The dataset provided contains information about bank customers, including various attributes such as customer ID, credit score, geography, gender, age, tenure, balance, number of products, credit card status, active membership, estimated salary, and whether the customer has exited the bank.

The problem based on this dataset could be to predict whether a customer is likely to churn or exit the bank. The "Exited" column indicates whether a customer has left the bank (1 for yes and 0 for no). The goal would be to develop a predictive model that can accurately classify customers as churned or not churned based on the available features.

**Statement:** Develop a machine learning model that can predict whether a bank customer is likely to churn or exit based on their credit score, geography, gender, age, tenure, balance, number of products, credit card status, active membership, and estimated salary.

By solving this problem, the bank could proactively identify customers who are at risk of leaving and take appropriate actions to retain them, such as offering personalized incentives or improved services.
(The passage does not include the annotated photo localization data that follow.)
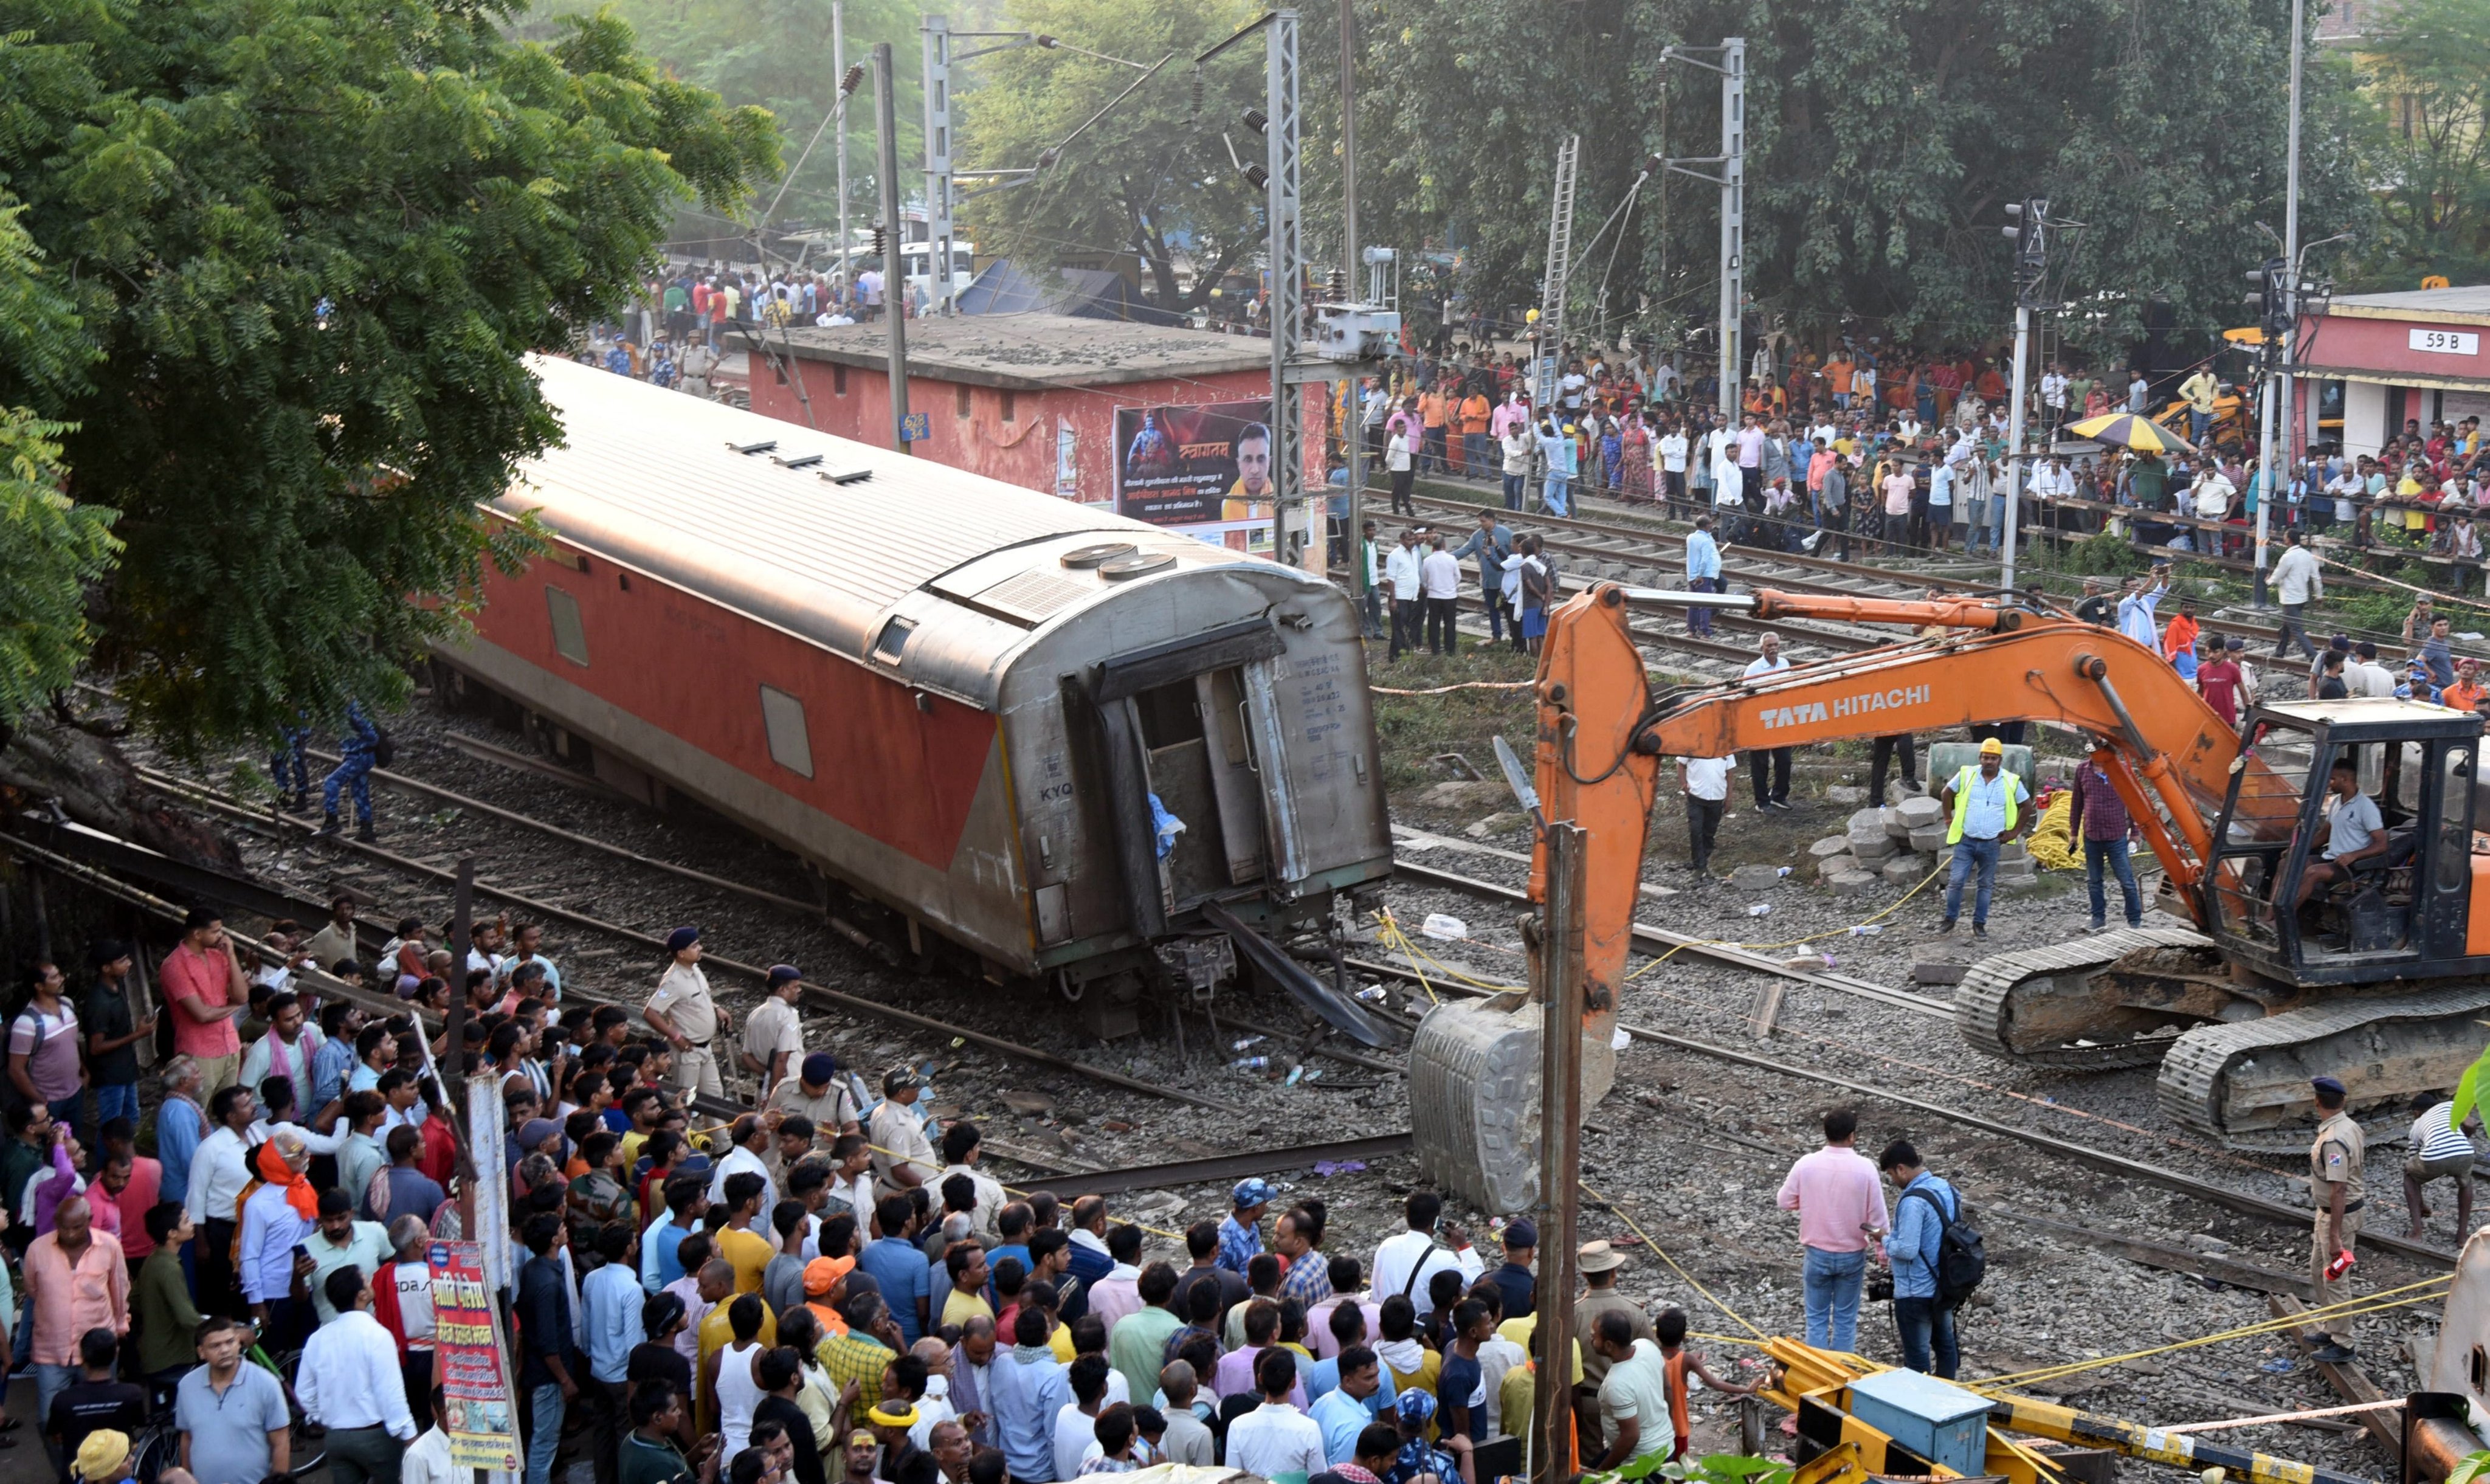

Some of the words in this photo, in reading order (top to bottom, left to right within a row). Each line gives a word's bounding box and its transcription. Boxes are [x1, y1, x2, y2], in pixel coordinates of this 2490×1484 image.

[2426, 333, 2444, 347] 59
[2450, 335, 2459, 349] B
[904, 414, 925, 427] 628
[910, 427, 923, 440] 34
[1759, 702, 1829, 730] TATA
[1833, 684, 1930, 718] HITACHI
[1040, 783, 1072, 801] KYQ
### Importing the libraries

In [None]:
import numpy as np
import pandas as pd
import tensorflow as tf
import matplotlib.pyplot as plt

from sklearn.preprocessing import LabelEncoder, OneHotEncoder, StandardScaler
from sklearn.compose import ColumnTransformer
from sklearn.model_selection import KFold

In [None]:
tf.__version__

'2.12.0'

## Part 1 - Data Preprocessing

### Importing the dataset

In [None]:
dataset = pd.read_csv('Churn_Modelling.csv')
dataset.head()

Unnamed: 0,RowNumber,CustomerId,Surname,CreditScore,Geography,Gender,Age,Tenure,Balance,NumOfProducts,HasCrCard,IsActiveMember,EstimatedSalary,Exited
0,1,15634602,Hargrave,619,France,Female,42,2,0.0,1,1,1,101348.88,1
1,2,15647311,Hill,608,Spain,Female,41,1,83807.86,1,0,1,112542.58,0
2,3,15619304,Onio,502,France,Female,42,8,159660.8,3,1,0,113931.57,1
3,4,15701354,Boni,699,France,Female,39,1,0.0,2,0,0,93826.63,0
4,5,15737888,Mitchell,850,Spain,Female,43,2,125510.82,1,1,1,79084.1,0


In [None]:
# There is no use for a 'RowNumber', 'CustomerId' and 'Surname'.
# Those columns does not contribute meaningful information to the analysis or prediction

X = dataset.iloc[:, 3:-1].values
y = dataset.iloc[:, -1].values

### Encoding categorical data

Label Encoding the "Gender" column

In [None]:
# By performing this operation, the categorical gender column in X is
# transformed into numerical labels using label encoding.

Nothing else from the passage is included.